In the experiment, each subject completed four sessions of tasks on four different days. Each session consisted of two stages of tasks. During the first stage, the subjects completed the tasks without any additional stimuli. In the second stage, the subjects listened to music while performing the tasks. Each stage had three blocks of tasks. The music played on different days was different.
Dependent variable: Performance
Another variables: Stage(stage1,stage2), types of Music(A,B,C,D), subjects Id (1:27)
I am interested in analyzing how music influenced the subjects' performance during the tasks.From my point of view, an ANCOVA or a linear mixed model seems to be proper. I have performed
ANCOVA with performance of stage 1 as the Covariates, performance of stage 2 as the dependent variable.

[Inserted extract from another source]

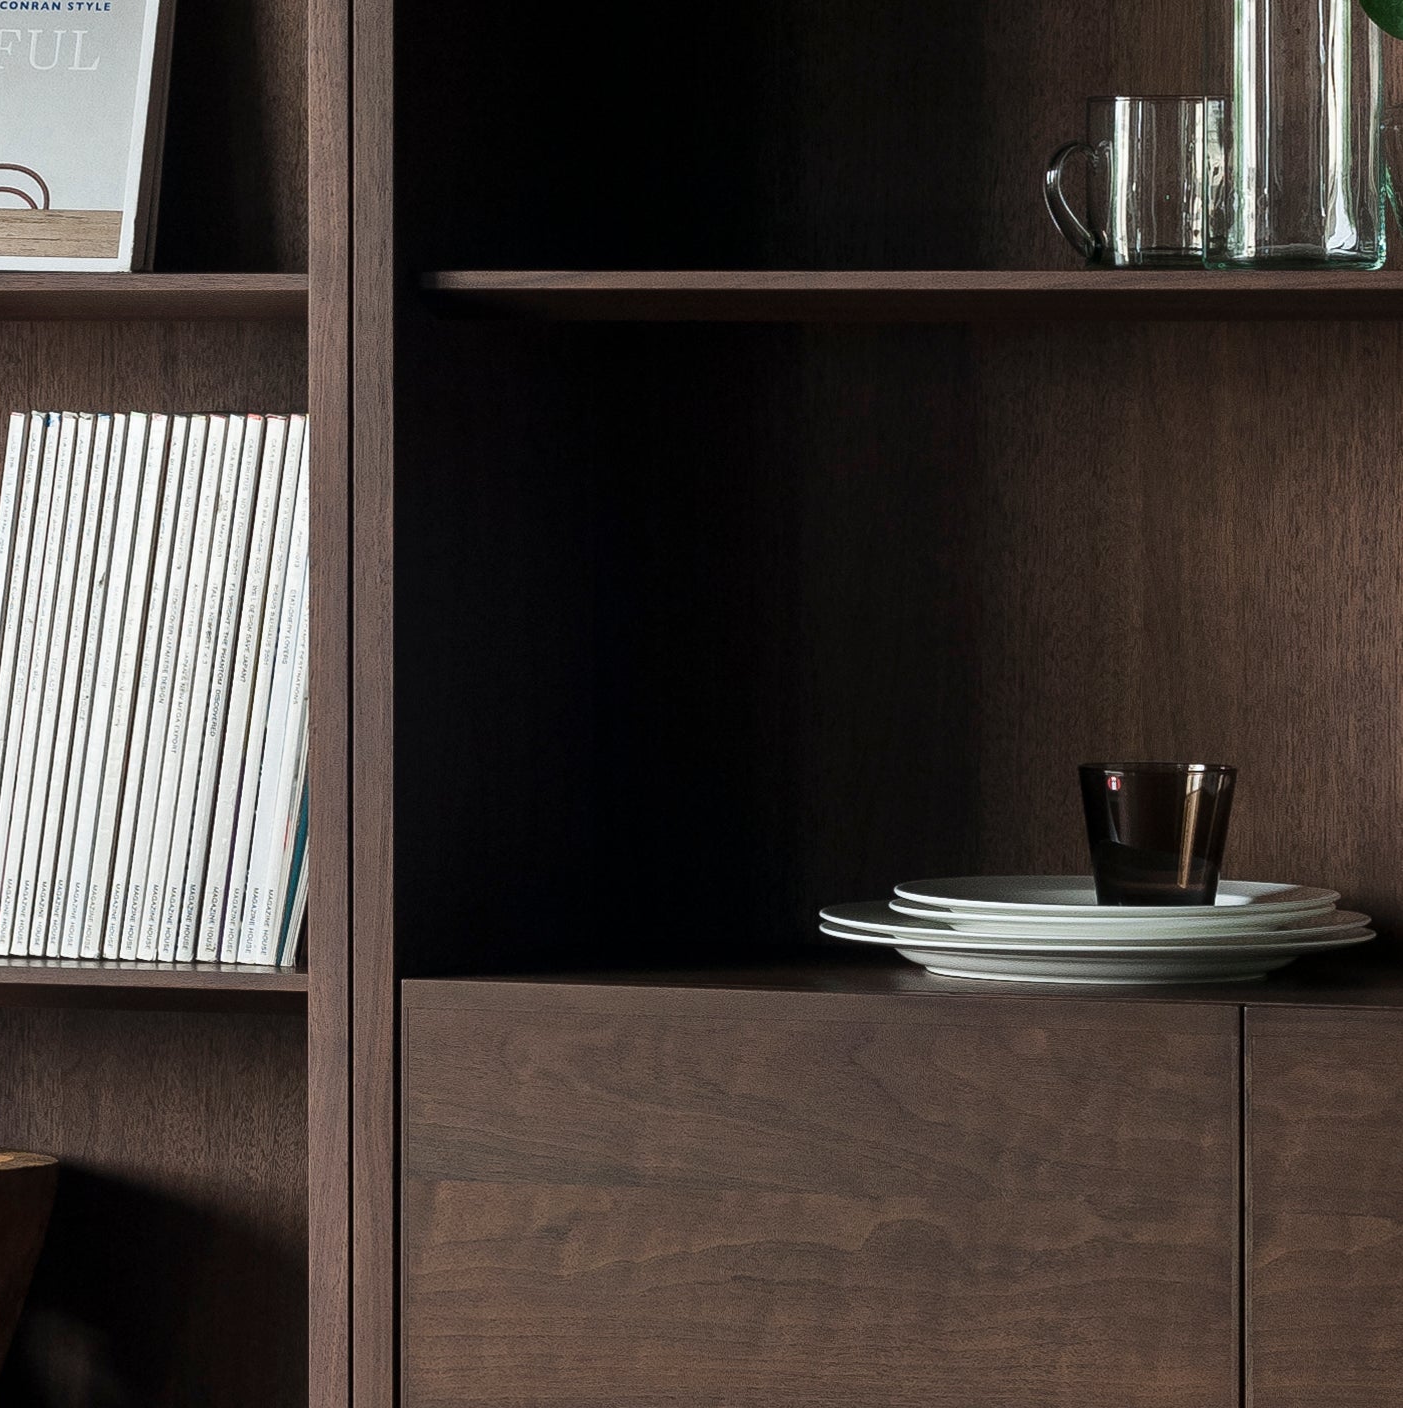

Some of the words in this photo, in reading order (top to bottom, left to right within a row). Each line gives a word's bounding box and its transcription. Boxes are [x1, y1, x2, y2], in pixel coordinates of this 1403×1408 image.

aov(Stage2 ~ Stage1 * Music + Error(Id))
linear mixed model with performance as the dependent variable, stage and music as the independent variable, subject id as the random term.
lmer(Performance ~ Stage * Music + (1|Id)
However, I feel like that isn't correct. I noticed that the model structure should have music nested within stage (Because music only played during stage 2). So that I tried
linear mixed model with performance as the dependent variable, stage and music as the independent variable and have an nested structure, subject id as the random term.
lmer(Performance ~ Stage + Stage:Music + (1|Id)
Question: What are the differences between these models? Which one is better?
Performance ~ Task + Stimulus + Session + (Session | Id)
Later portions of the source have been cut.